After several days on board ship most of the passengers improve the opportunity of going ashore. The regular fare as at other ports is forty centavos (twenty cents) each way for each person. Paita is a curious place, a small village, yet the third port in Peru in the amount of exports and imports, serving a considerable district including the city of Piura, with which it is connected by a railroad of standard gauge. The walls of the houses are of bamboo, set perpendicularly, some overspread with plaster often partly peeled off, others destitute of covering. Climbing the hills back of the town you will perceive a genuine desert, in the distance fringed by low mountains. “Paita,” said the Captain on my first voyage in 1903, “is the dryest place on earth.” From its appearance I was not inclined to dispute the fact, but having heard that it rains there once in seven years and in Iquique not at all I inquired how this might be. “That is easy,” replied the Captain. “In Iquique there are heavy dews, here nothing, and now it has skipped one shower and it is almost fourteen years since it has rained.” This was no idle jest. The drought continued until February, 1910, when there was a heavy shower, the first in nineteen years. There are no wells, hence all water is brought by rail and sparingly used; therefore there is no green. The town of Piura, on the contrary, 60 miles distant, is in an irrigated valley where the finest cotton is a staple production and where new irrigation canals are increasing the possibilities for agriculture. A few miles farther is Catacaos, where half of the 20,000 inhabitants are engaged in making the 260,000 Panama hats here annually produced. While Ecuador is the chief seat of the industry, hats may be purchased at Paita to better advantage than at Guayaquil. The natives who come on board ship bring various articles for sale, paroquets, mocking-birds, fruit, pottery, ancient and modern, as well as the Panama hats. These of good quality may be purchased at from $2.00 to $12 or $15 gold, the latter of the Monte Christo quality, all at about one-fourth of the price commonly asked for a similar article in New York. The best are rarely found in the United States at any price.

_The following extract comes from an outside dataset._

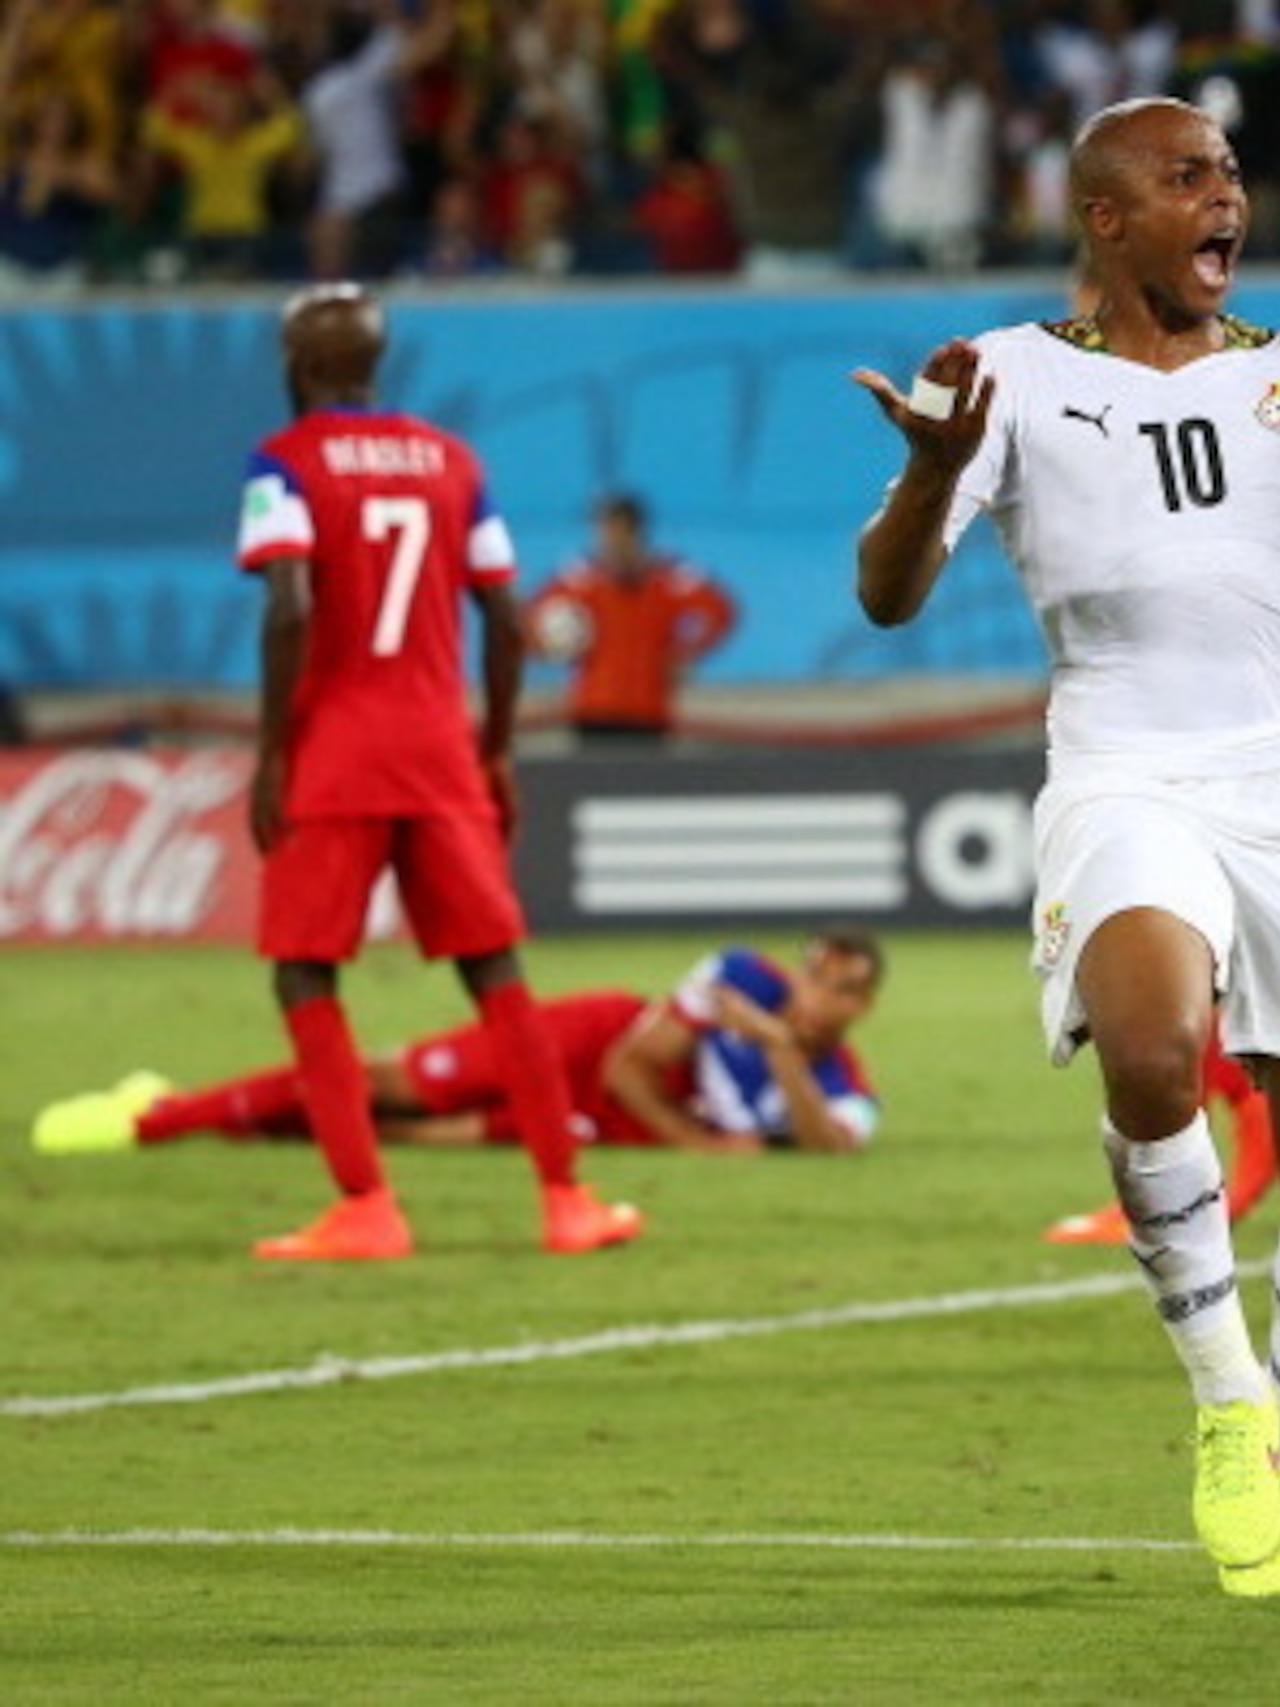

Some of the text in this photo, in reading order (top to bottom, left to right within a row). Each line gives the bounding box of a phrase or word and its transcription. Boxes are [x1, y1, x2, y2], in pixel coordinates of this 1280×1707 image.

[321, 435, 446, 477] BEASLEY
[1138, 417, 1227, 512] 10
[361, 497, 430, 657] 7

Some day Paita with its excellent harbor will become a port of great importance. A railroad 400 miles long is planned and has been surveyed to Melendez on the Marañon, the larger of the two rivers (the other, the Ucayali) uniting to form the Amazon. Crossing the Andes in one of its lowest sections, where a short tunnel at 5000 feet altitude will serve instead of the long ones, above 10,000 and 15,000 feet, through the mountains farther south, this road will bring the rubber country in the neighborhood of Iquitos, the chief port on the upper Amazon, within two weeks of New York, instead of the four or five weeks by way of Pará. On this route, too, are said to be millions of tons of iron, as well as coal and other minerals.
On leaving Paita, if not before, the tourist will be likely to feel the need of heavier underwear. The air in winter is damp and chilly. The temperature in my cabin was 60°. At this season clouds generally conceal the sun, making a gloomy sea, and the little patches of blue sky are small.